Top of ENTRIES SHOWN

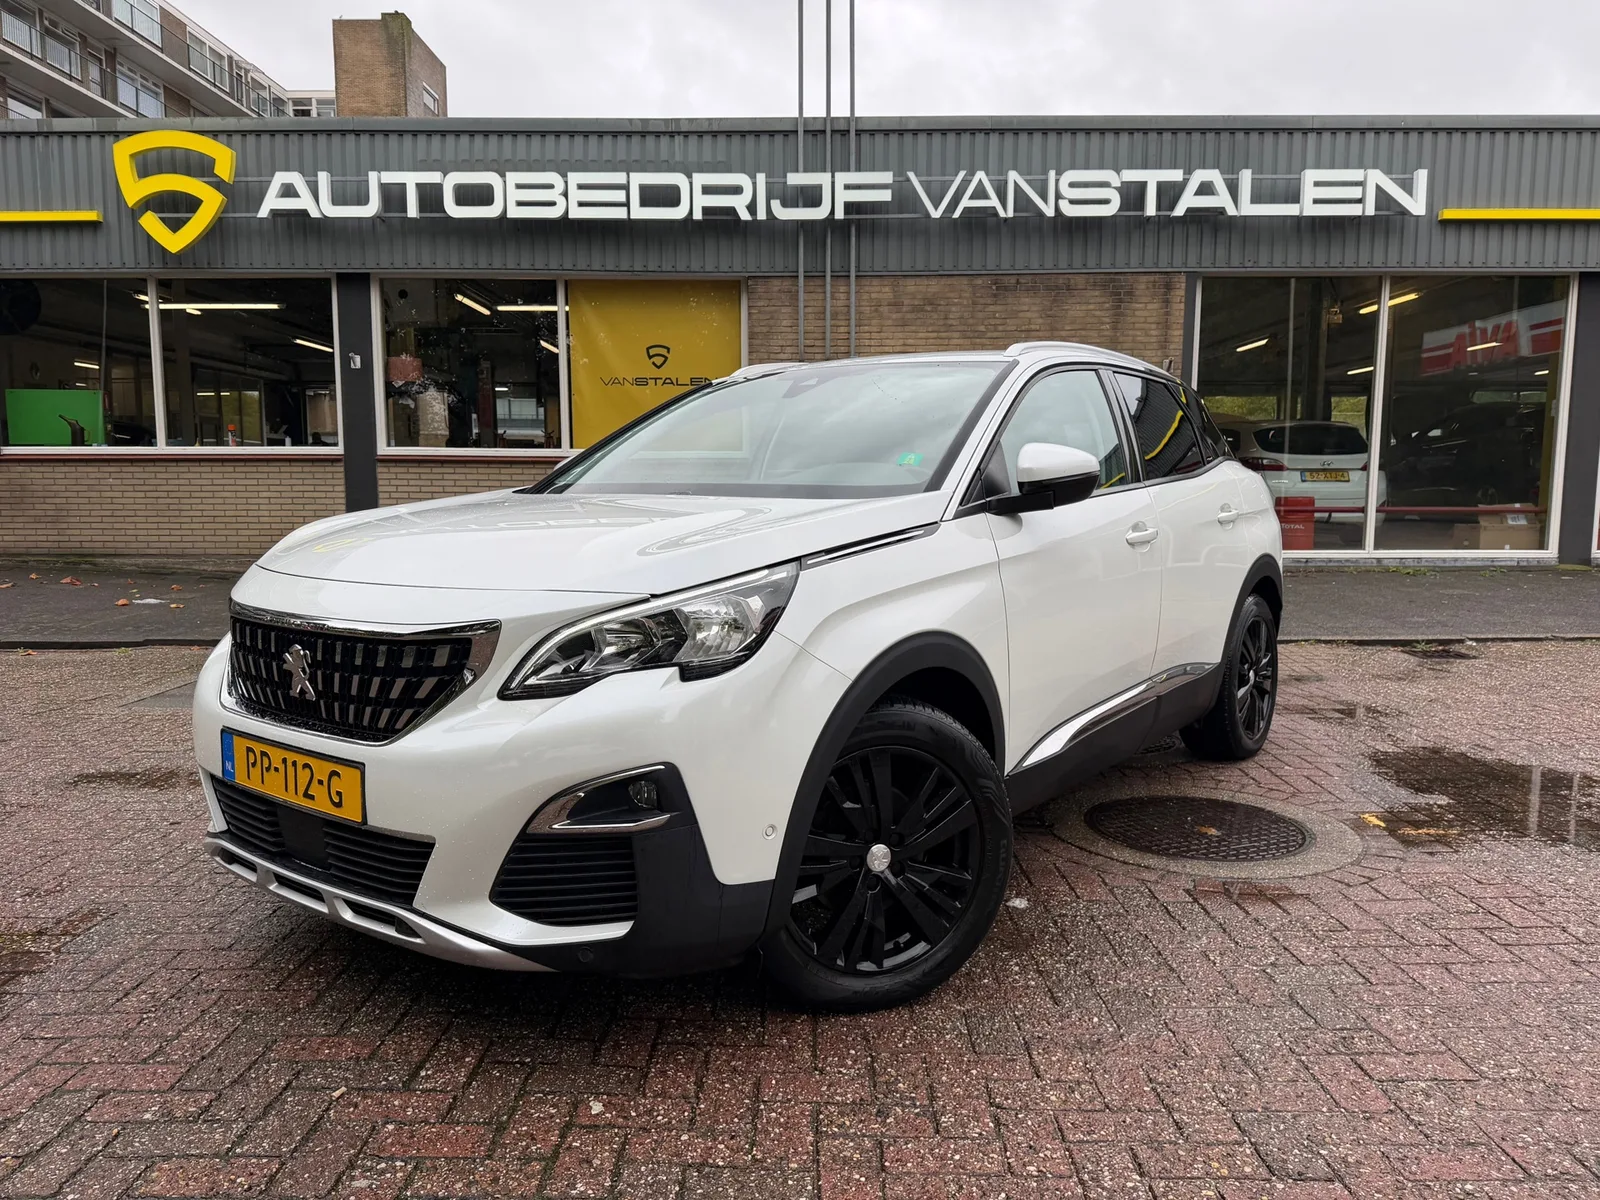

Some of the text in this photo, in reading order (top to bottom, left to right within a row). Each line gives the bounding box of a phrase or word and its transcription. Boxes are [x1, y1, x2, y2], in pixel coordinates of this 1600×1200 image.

[256, 169, 1428, 220] AUTOBEDRIJF VANSTALEN
[1280, 522, 1305, 530] TOTAL
[225, 760, 234, 773] NL
[245, 746, 343, 809] PP-112-G
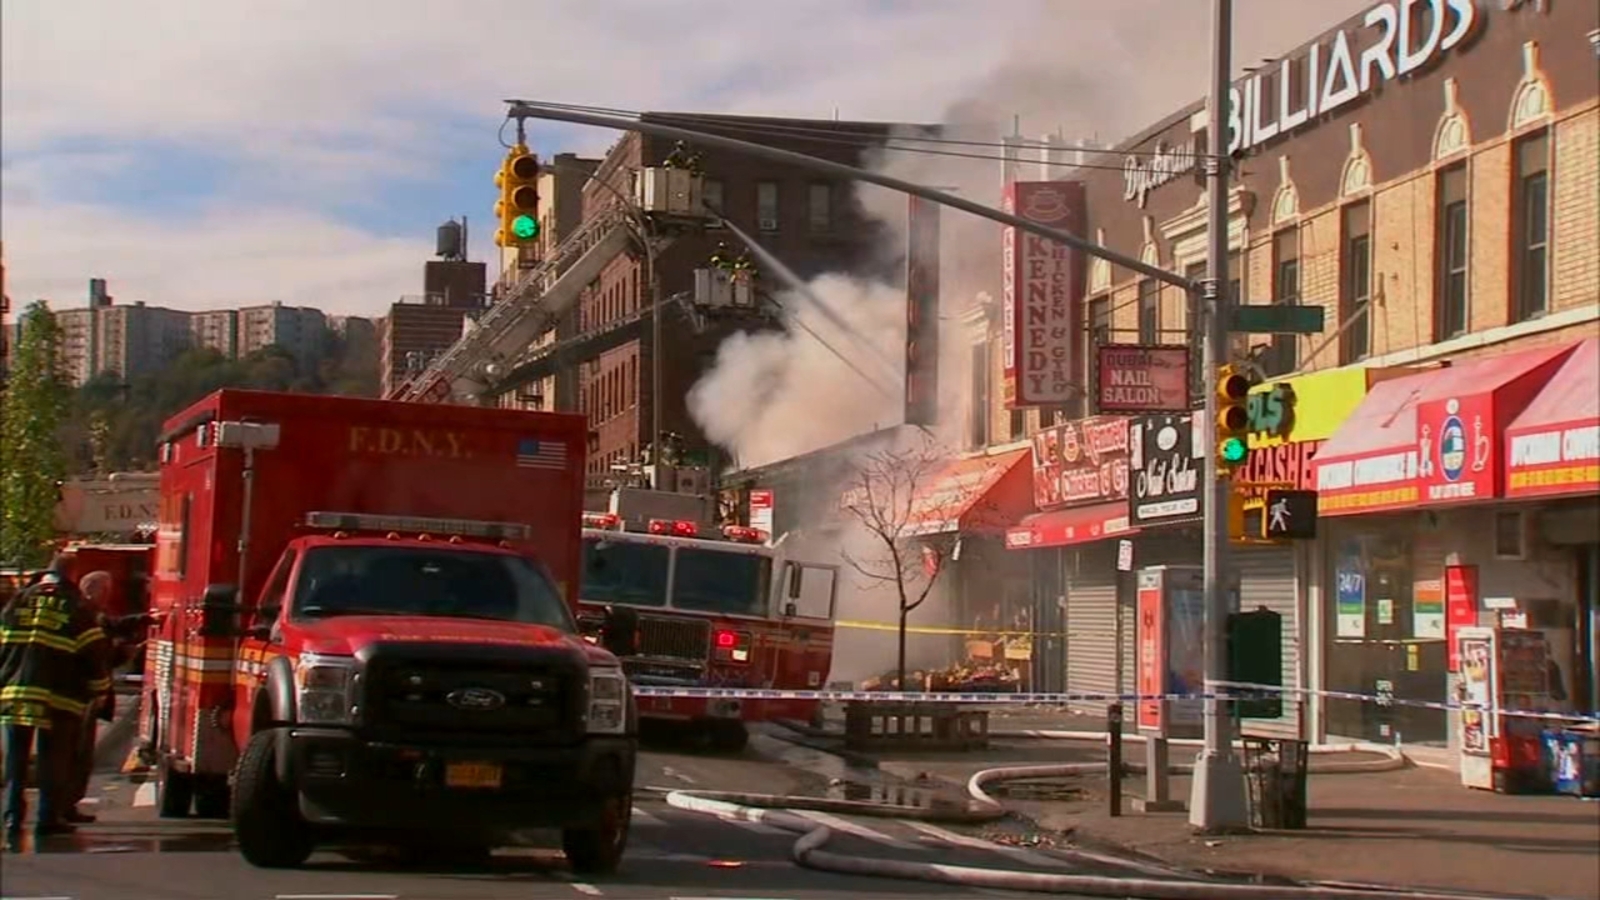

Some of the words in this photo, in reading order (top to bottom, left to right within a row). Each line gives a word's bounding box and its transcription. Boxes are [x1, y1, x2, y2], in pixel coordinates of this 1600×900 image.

[1228, 0, 1476, 155] BILLIARDS
[1027, 235, 1048, 395] KENNEDY
[1052, 346, 1066, 395] GYRO
[1103, 387, 1160, 403] SALON
[1110, 369, 1153, 386] NAIL
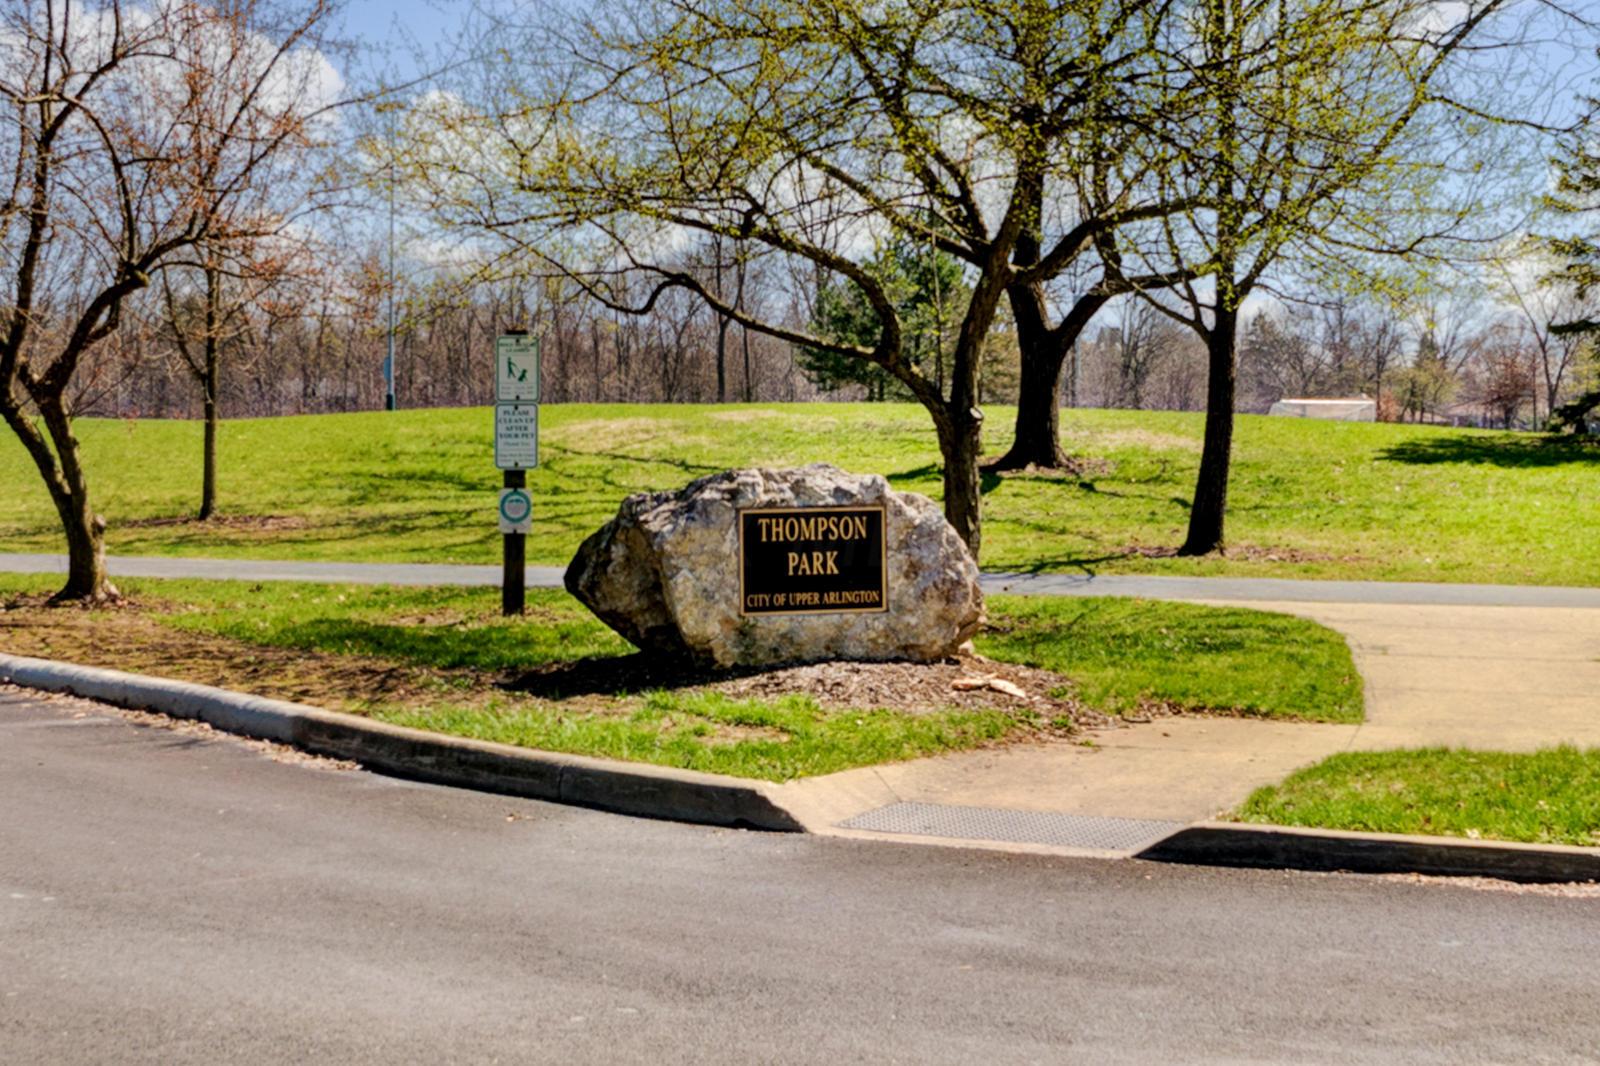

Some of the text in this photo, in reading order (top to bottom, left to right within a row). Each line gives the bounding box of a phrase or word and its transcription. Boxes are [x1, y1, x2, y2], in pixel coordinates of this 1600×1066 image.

Bottom of ENTRIES SHOWN

EXERCISE OBJECTIVE -
Would you transcribe each of the entries exactly, skipping the pictures?

RESPONSE AREA -
Some of the text in this photo, in reading order (top to bottom, left to right within a row). Each line gives the bounding box of a phrase or word and its transcription. Boxes are [x1, y1, x2, y2], in pixel coordinates of this 1600×1200 image.

[256, 169, 1428, 220] AUTOBEDRIJF VANSTALEN
[1280, 522, 1305, 530] TOTAL
[225, 760, 234, 773] NL
[245, 746, 343, 809] PP-112-G

Some of the words in this photo, in reading order (top to bottom, left to right within a row). Each line gives a word's bounding box and its transcription. Boxes are [x1, y1, x2, y2], in pixel coordinates of this 1600×900 image.

[1228, 0, 1476, 155] BILLIARDS
[1027, 235, 1048, 395] KENNEDY
[1052, 346, 1066, 395] GYRO
[1103, 387, 1160, 403] SALON
[1110, 369, 1153, 386] NAIL

Some of the text in this photo, in reading order (top to bottom, left to right within a row). Each line gives the bounding box of a phrase or word and its transcription. Boxes are [x1, y1, x2, y2], in pixel coordinates of this 1600×1066 image.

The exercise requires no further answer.